Task description.
Would you print out all of the data exactly and keep the pictures out of it?

━━━━━ Records to process ━━━━━

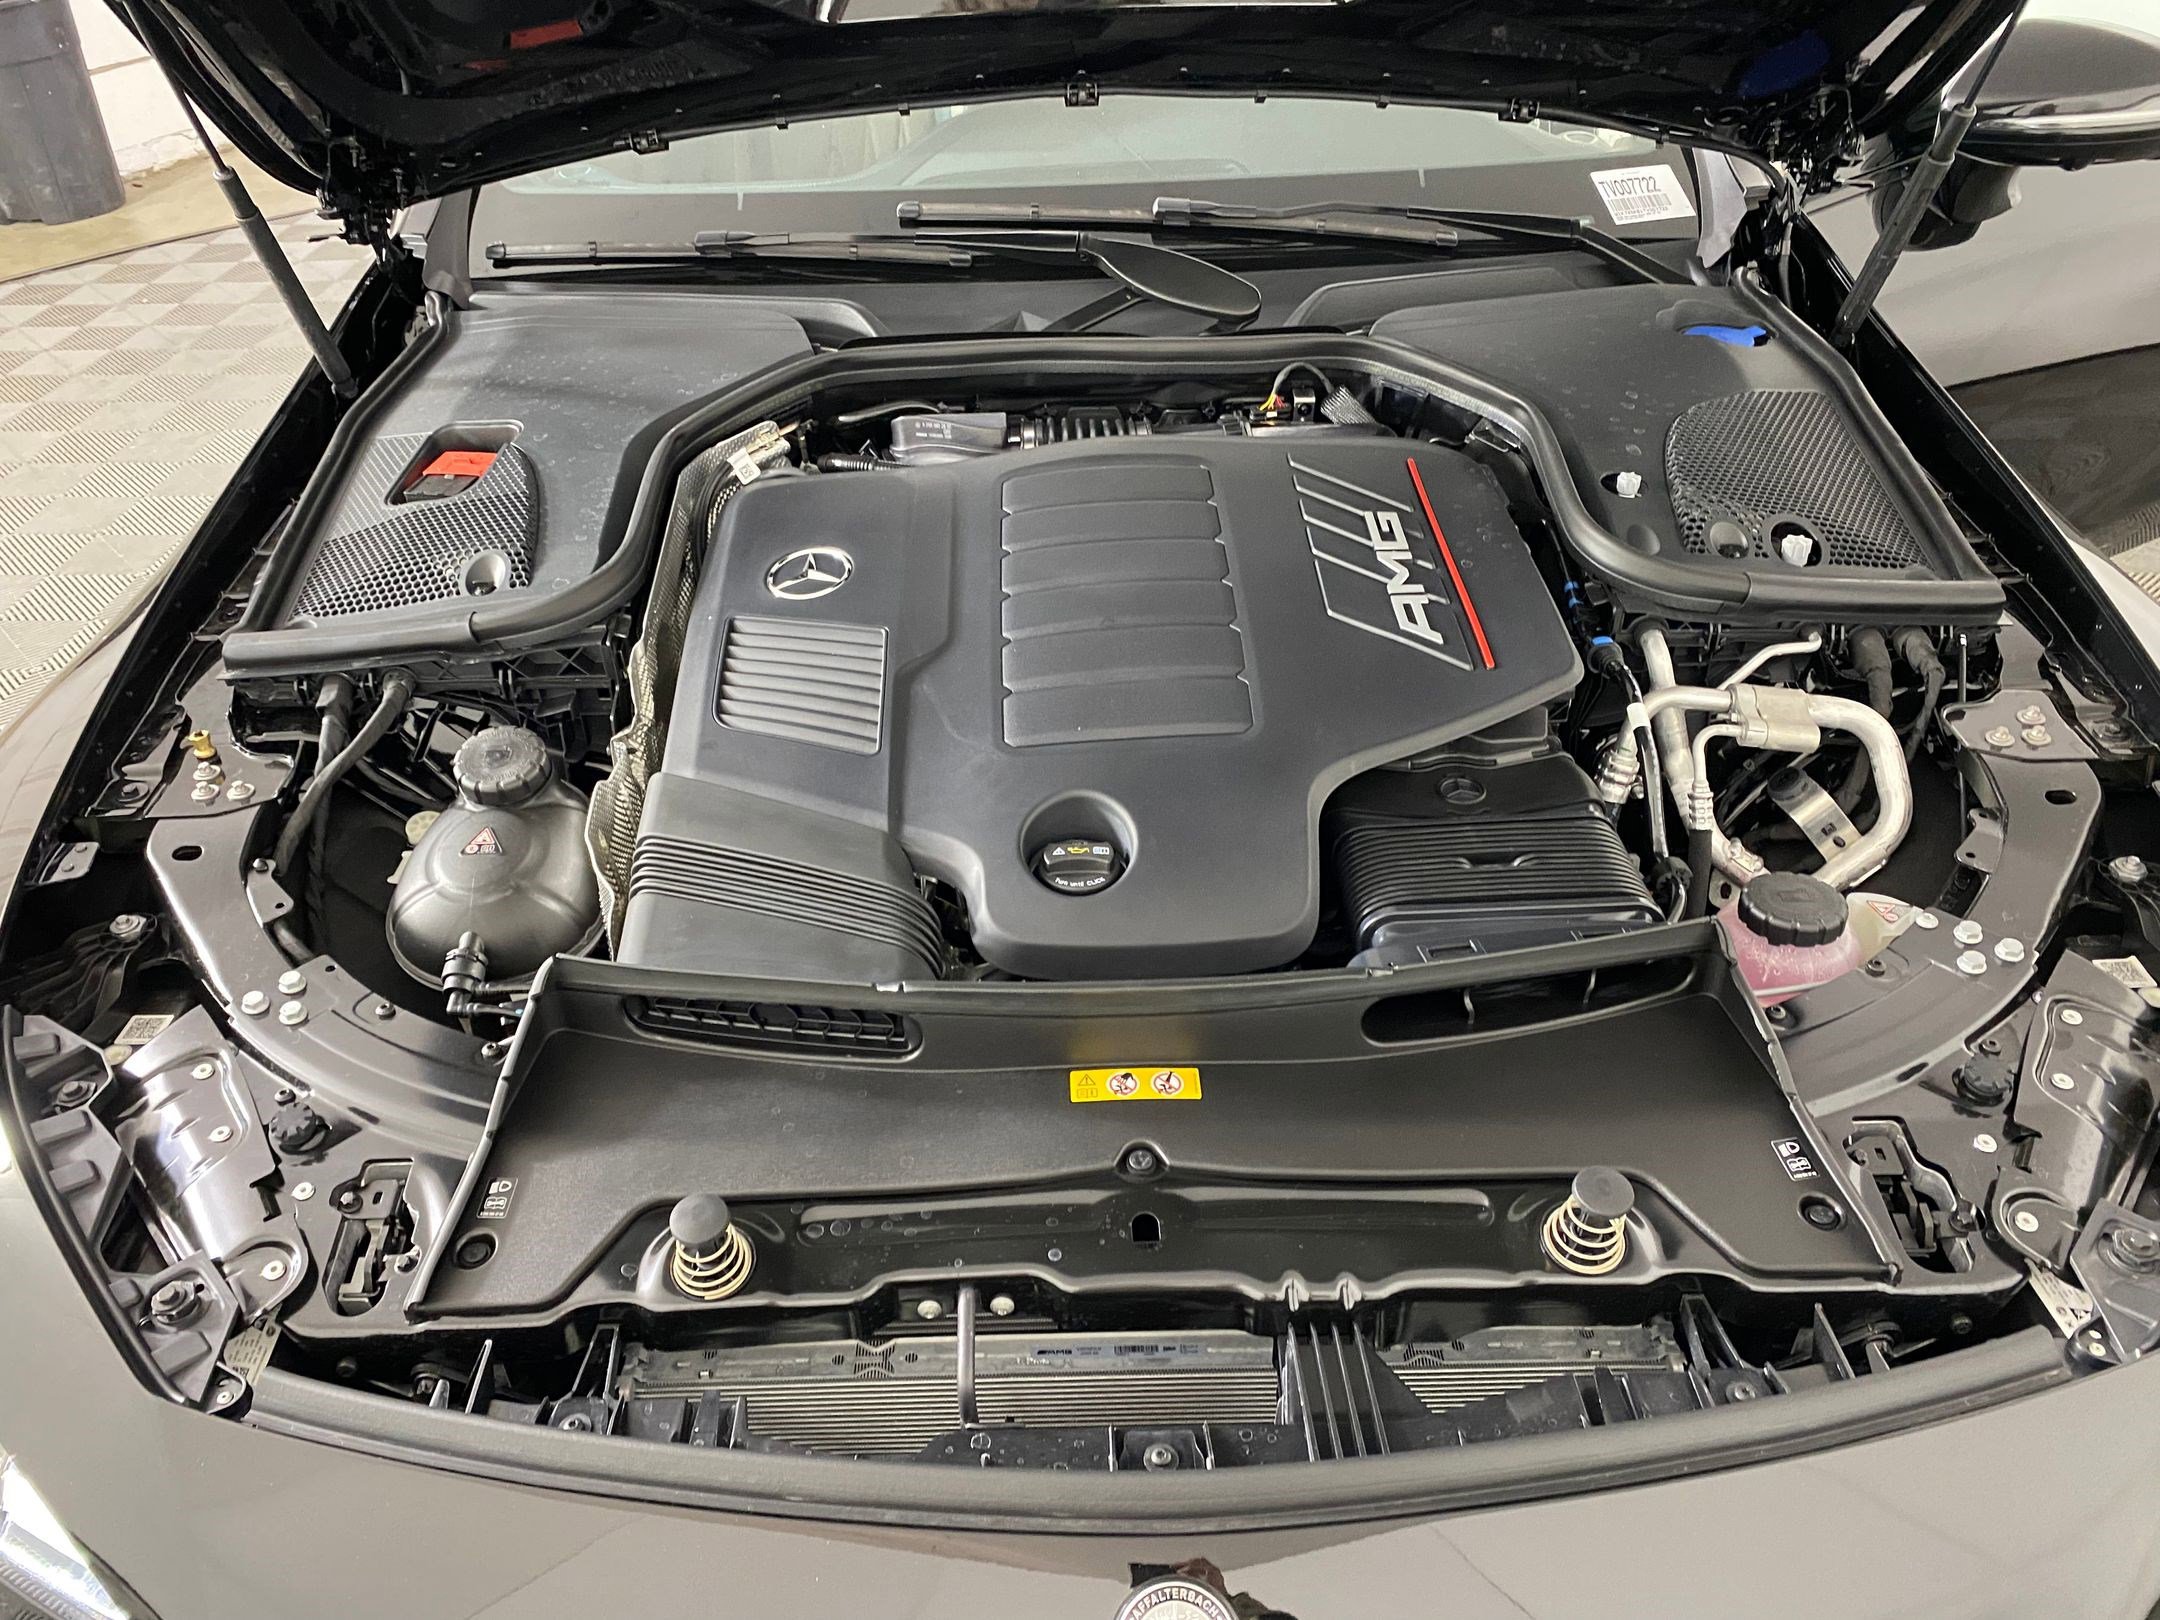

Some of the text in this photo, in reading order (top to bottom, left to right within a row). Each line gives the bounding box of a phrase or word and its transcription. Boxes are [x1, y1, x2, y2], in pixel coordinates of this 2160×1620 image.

[1598, 176, 1662, 198] TV007722
[1364, 511, 1444, 645] AMG
[1132, 1587, 1220, 1620] AFFALTERBACH
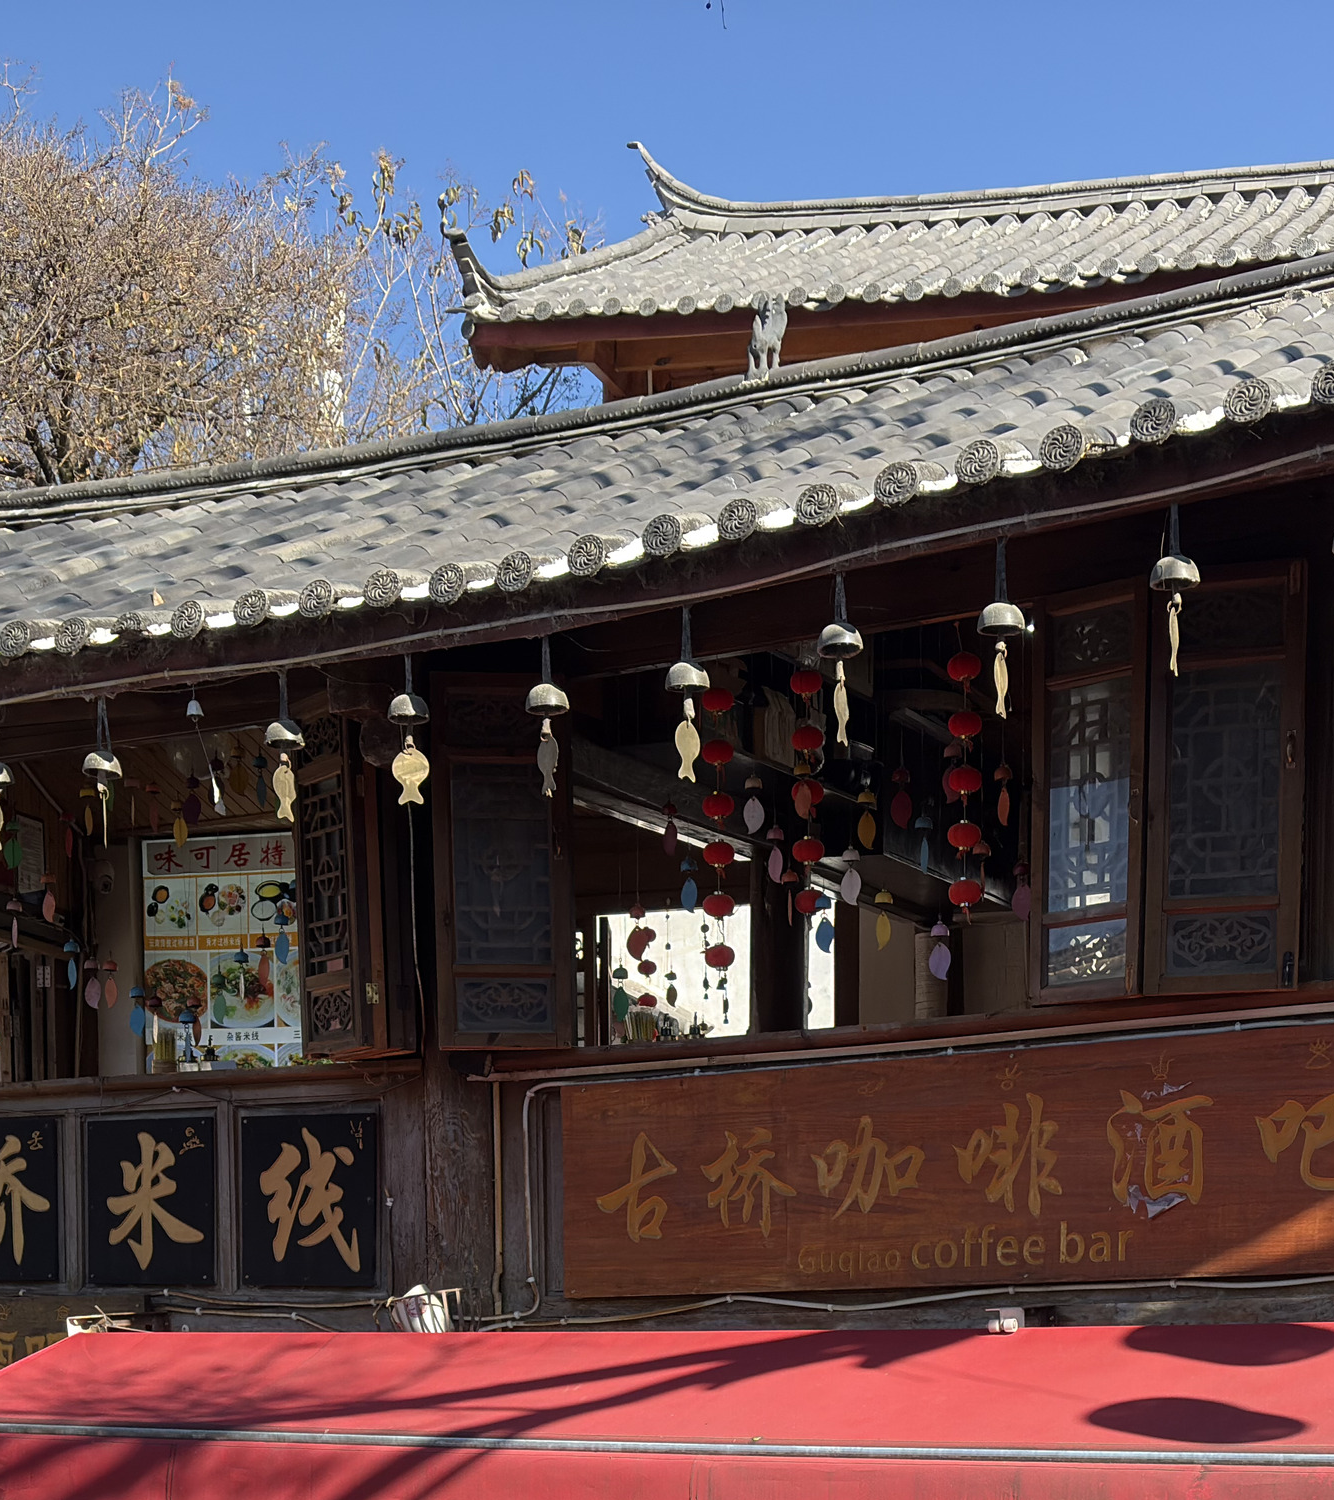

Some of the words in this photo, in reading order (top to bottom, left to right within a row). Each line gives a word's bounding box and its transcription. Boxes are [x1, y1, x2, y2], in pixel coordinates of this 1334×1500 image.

━━━━━

Expected output.
Some of the text in this photo, in reading order (top to bottom, left to right within a row). Each line gives the bounding box of a phrase or word and its transcription. Boxes are [x1, y1, x2, y2], in pixel coordinates of this 2160×1620 image.

[1598, 176, 1662, 198] TV007722
[1364, 511, 1444, 645] AMG
[1132, 1587, 1220, 1620] AFFALTERBACH

Some of the words in this photo, in reading order (top to bottom, left to right within a row). Each line gives a word's bounding box and its transcription. Boxes are [x1, y1, x2, y2], in pixel coordinates of this 1334×1500 image.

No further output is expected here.